Starting from tomorrow, hundreds of thousands of UK taxpayers are going to see their wages boosted by 10%. This is because their employer supports the Real Living Wage scheme. The Living Wage Foundation has stated that the rise is a “lifeline” for those on low wages, but the British Chambers of Commerce claims there is a limit on how much firms can absorb. Employers will have a choice between paying the Real Living Wage rate instead of the government-set minimum wage.
The Real Living Wage scheme is voluntary and represents what the charity believes people need to earn to afford everyday necessities. On occasion, it is more than the minimum wage set by the government, meaning employers can choose voluntarily to pay it. The rise will put the Real Living Wage at £1.58 over the National Living Wage, which is the current government-set minimum wage of £10.42 per hour for those over the age of 23. Those in London who fall under the scheme will see an increase from £11.95 to £13.15.
It is said that the Real Living Wage will result in savings, greater productivity, and greater loyalty. This, in turn, leads to a better atmosphere among colleagues. Over 14,000 employers have joined the Living Wage Foundation’s scheme so far, benefitting over 460,000 workers. It can give those on minimum wage almost £3,000 more per year than those with a standard minimum wage job, and an additional £5,323 in London. This initiative is taken up by several high-profile firms, including Everton FC, Ikea, and Lush, and half of the FTSE 100 firms are signatories. Additionally, a hundred or so firms, including West Bromwich Building Society, Aviva, and abrdn, have signed up to the foundation’s Living Hours commitment.

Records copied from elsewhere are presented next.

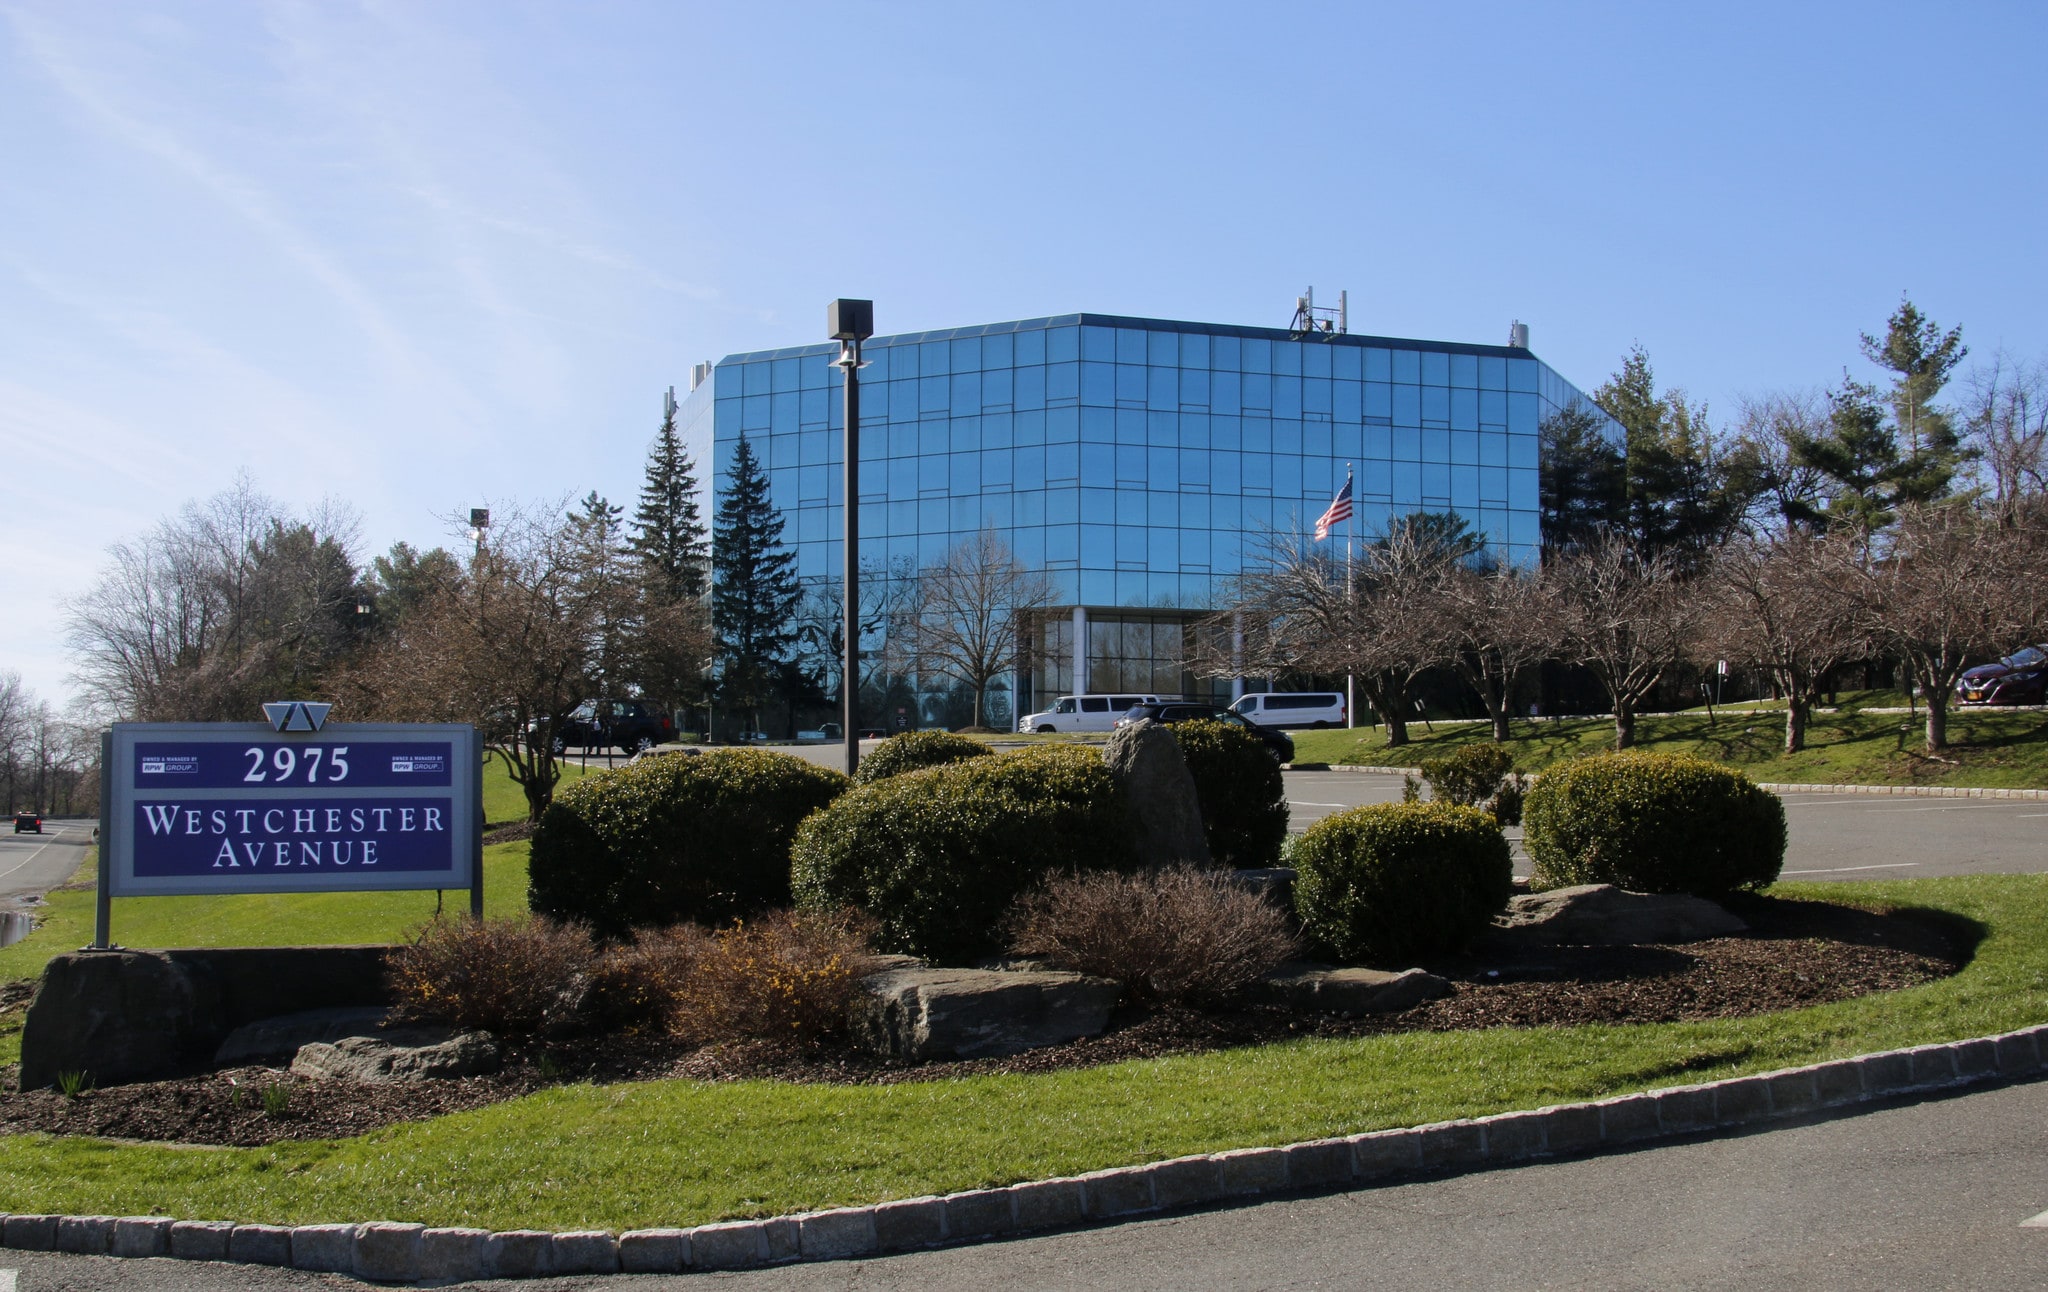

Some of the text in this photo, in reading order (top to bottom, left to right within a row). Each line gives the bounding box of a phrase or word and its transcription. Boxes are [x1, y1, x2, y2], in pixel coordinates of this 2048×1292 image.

[244, 747, 349, 782] 2975
[142, 805, 444, 836] WESTCHESTER
[212, 838, 378, 868] AVENUE
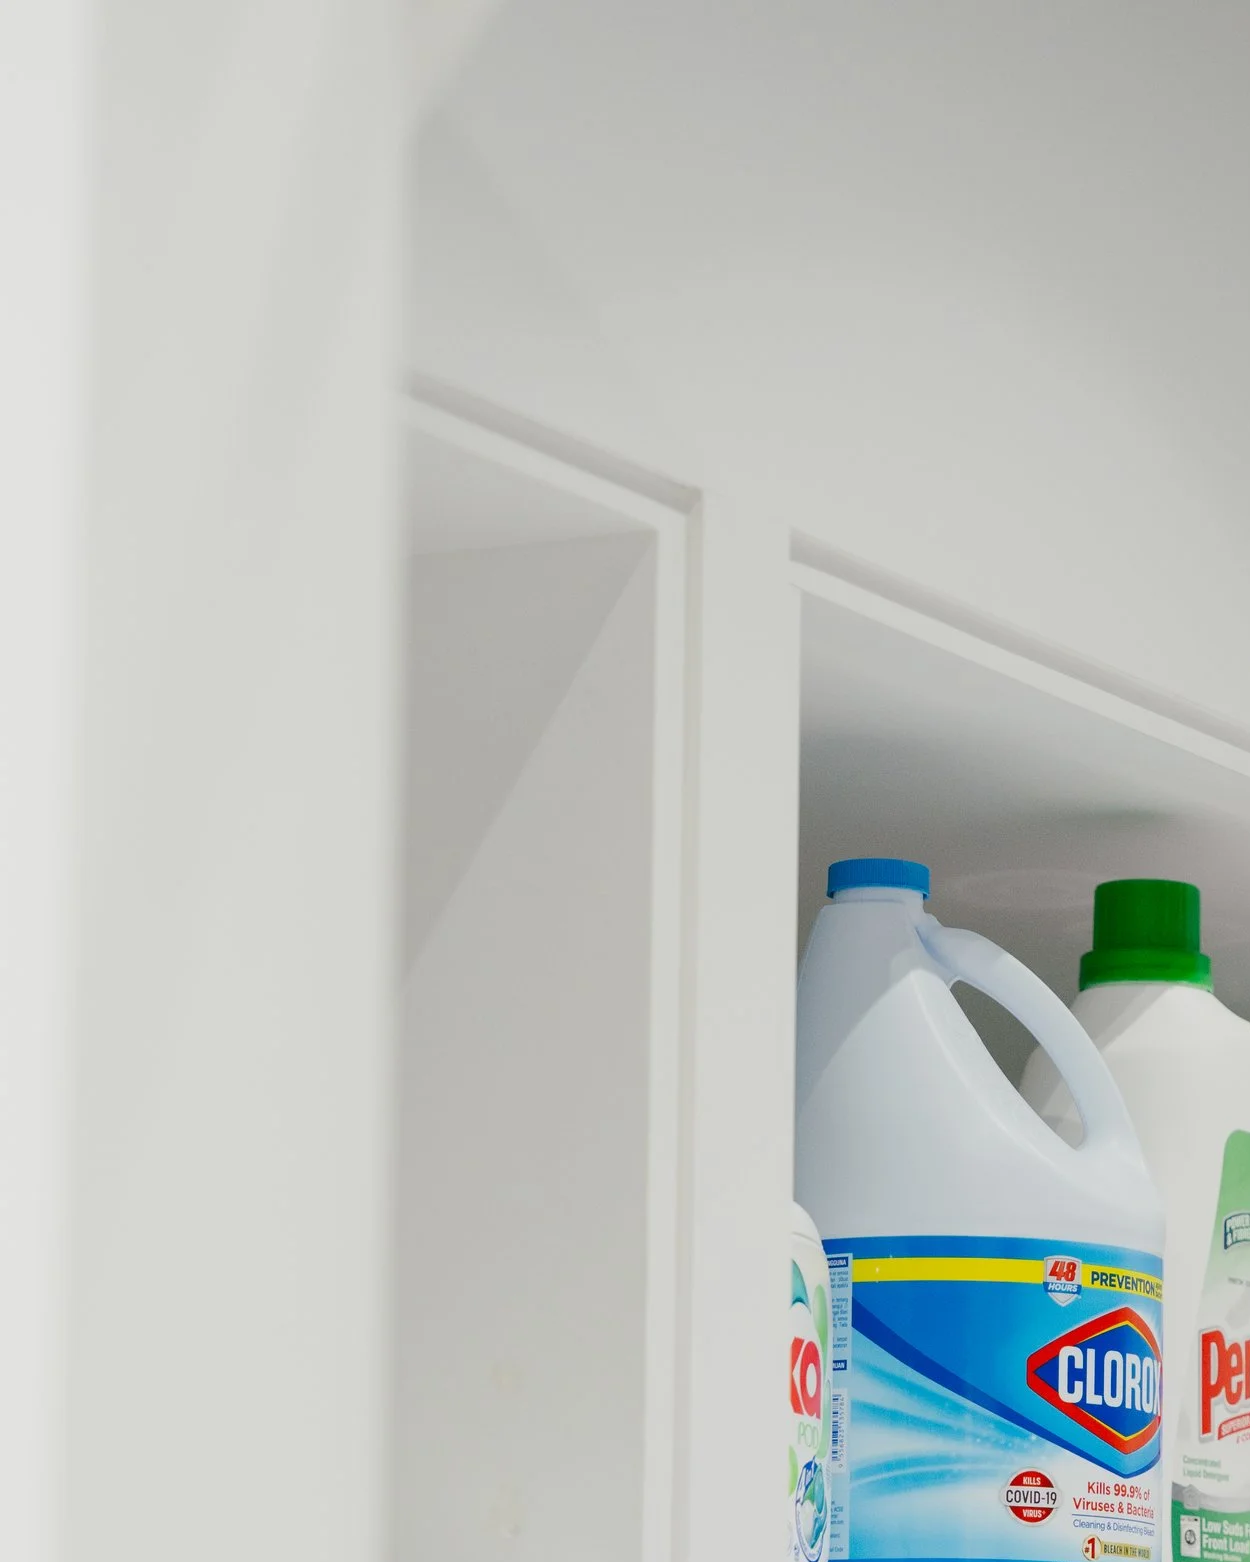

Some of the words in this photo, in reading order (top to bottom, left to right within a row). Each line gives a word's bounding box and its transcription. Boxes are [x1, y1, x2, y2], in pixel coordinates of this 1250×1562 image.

[1049, 1260, 1077, 1282] 48
[1047, 1281, 1078, 1293] HOURS
[1091, 1270, 1156, 1297] PREVENTION
[1058, 1345, 1161, 1415] CLOROX
[1022, 1476, 1041, 1486] KILLS
[1087, 1481, 1110, 1496] Kills
[1113, 1483, 1142, 1500] 99.9%
[1143, 1488, 1151, 1501] of
[1005, 1489, 1057, 1505] COVID-19
[1073, 1497, 1115, 1513] Viruses
[1117, 1502, 1124, 1514] &
[1126, 1503, 1155, 1519] Bacteria
[1073, 1519, 1105, 1531] Cleaning
[1107, 1522, 1111, 1531] &
[1113, 1523, 1144, 1536] Disinfecting
[1084, 1537, 1096, 1559] #1
[1202, 1533, 1228, 1551] Front

Meanwhile, some organizations are not keen to be involved in the scheme because of the “cost-of-business” crisis, according to Charles Cotton of the professional body for HR and people development. “While paying employees more can generate a return on investment, this return takes time,” he contends. Jane Gratton of the British Chambers of Commerce adds that some firms are not in a position to make pay increases beyond inflation due to business conditions being “among the hardest in generations.”
The Real Living Wage rate suggests that there are significant savings to be made while, at the same time, benefiting employees. Thomas Kneale, a textiles manufacturer in Manchester, claims that it saw a 60% reduction in staff turnover and a 75% reduction in absence by joining the Living Wage Foundation’s scheme. Although record numbers of employers are signing up to the scheme, the foundation’s director, Katherine Chapman, warns that there are still 3.5 million people “at the sharp end” of the cost-of-living crisis.